**RECORDS TO USE**
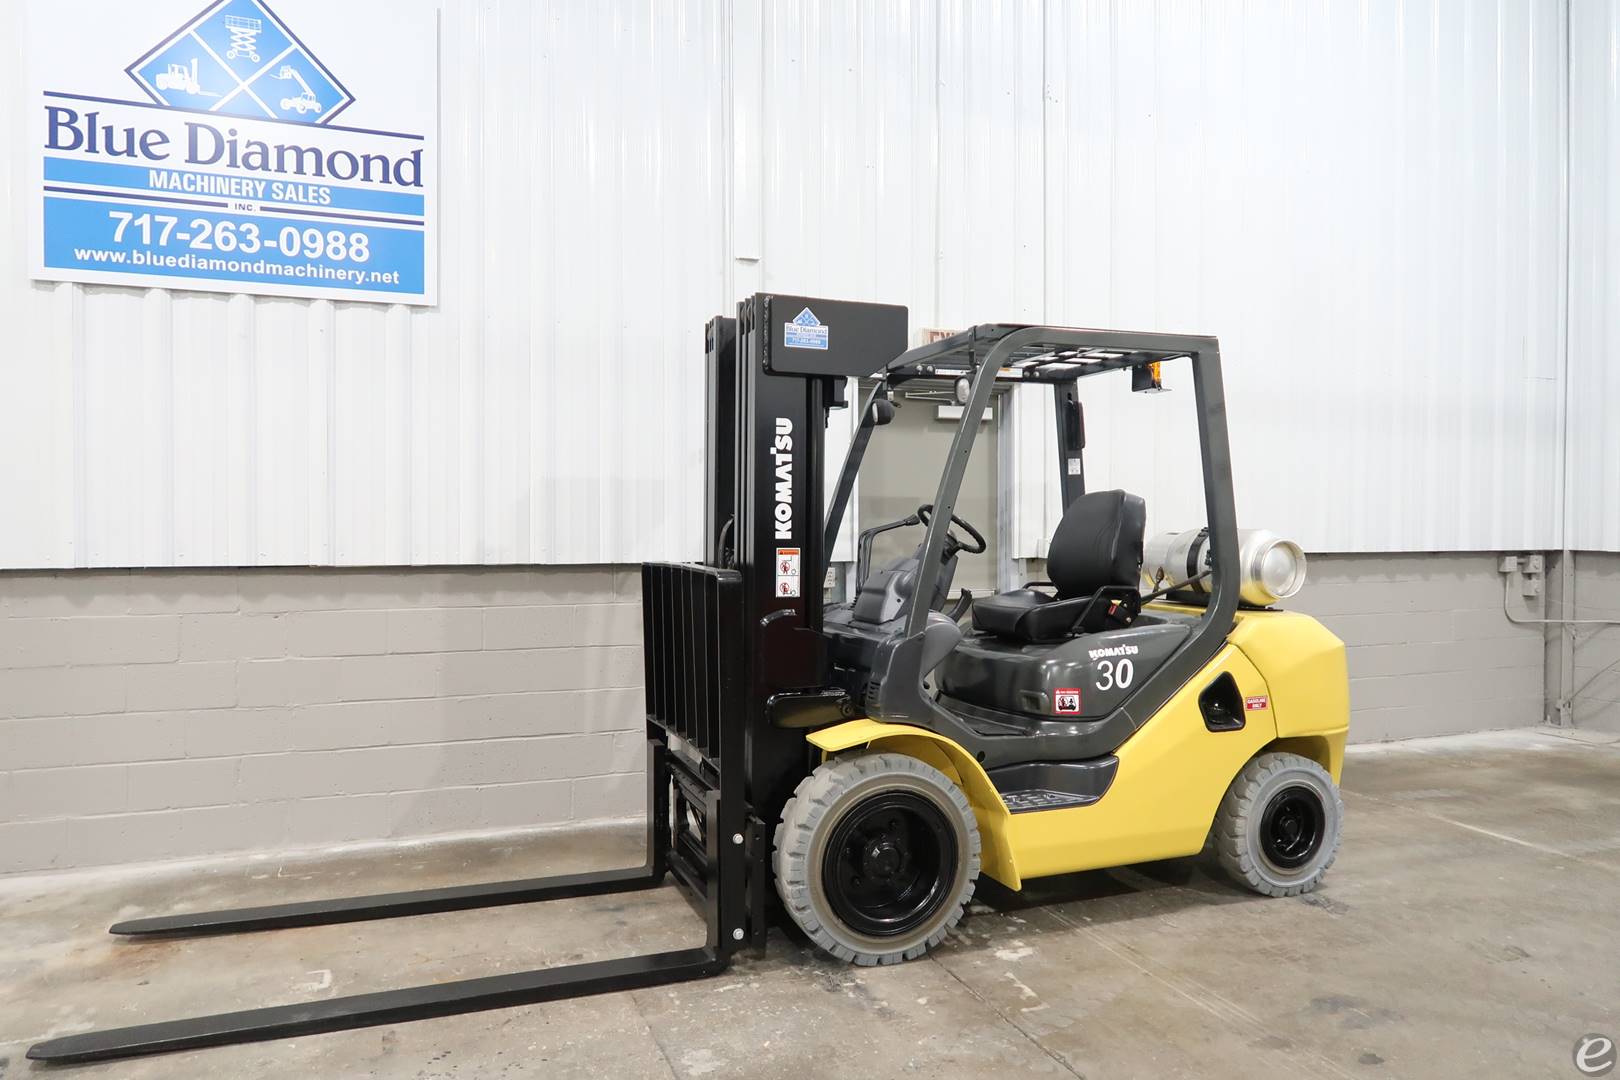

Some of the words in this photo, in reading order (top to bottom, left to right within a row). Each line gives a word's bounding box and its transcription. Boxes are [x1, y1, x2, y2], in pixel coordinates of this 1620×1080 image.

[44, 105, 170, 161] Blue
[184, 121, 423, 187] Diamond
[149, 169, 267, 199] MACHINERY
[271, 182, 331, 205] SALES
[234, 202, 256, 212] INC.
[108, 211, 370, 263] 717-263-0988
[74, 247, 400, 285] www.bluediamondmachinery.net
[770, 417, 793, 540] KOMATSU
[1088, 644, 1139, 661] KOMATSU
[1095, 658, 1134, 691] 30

**PROBLEM TO WORK ON**
Each entry above should be restated word for word, though no picture may appear in the copy.

**ANSWER BOX**
Some of the words in this photo, in reading order (top to bottom, left to right within a row). Each line gives a word's bounding box and its transcription. Boxes are [x1, y1, x2, y2], in pixel coordinates of this 1620×1080 image.

[44, 105, 170, 161] Blue
[184, 121, 423, 187] Diamond
[149, 169, 267, 199] MACHINERY
[271, 182, 331, 205] SALES
[234, 202, 256, 212] INC.
[108, 211, 370, 263] 717-263-0988
[74, 247, 400, 285] www.bluediamondmachinery.net
[770, 417, 793, 540] KOMATSU
[1088, 644, 1139, 661] KOMATSU
[1095, 658, 1134, 691] 30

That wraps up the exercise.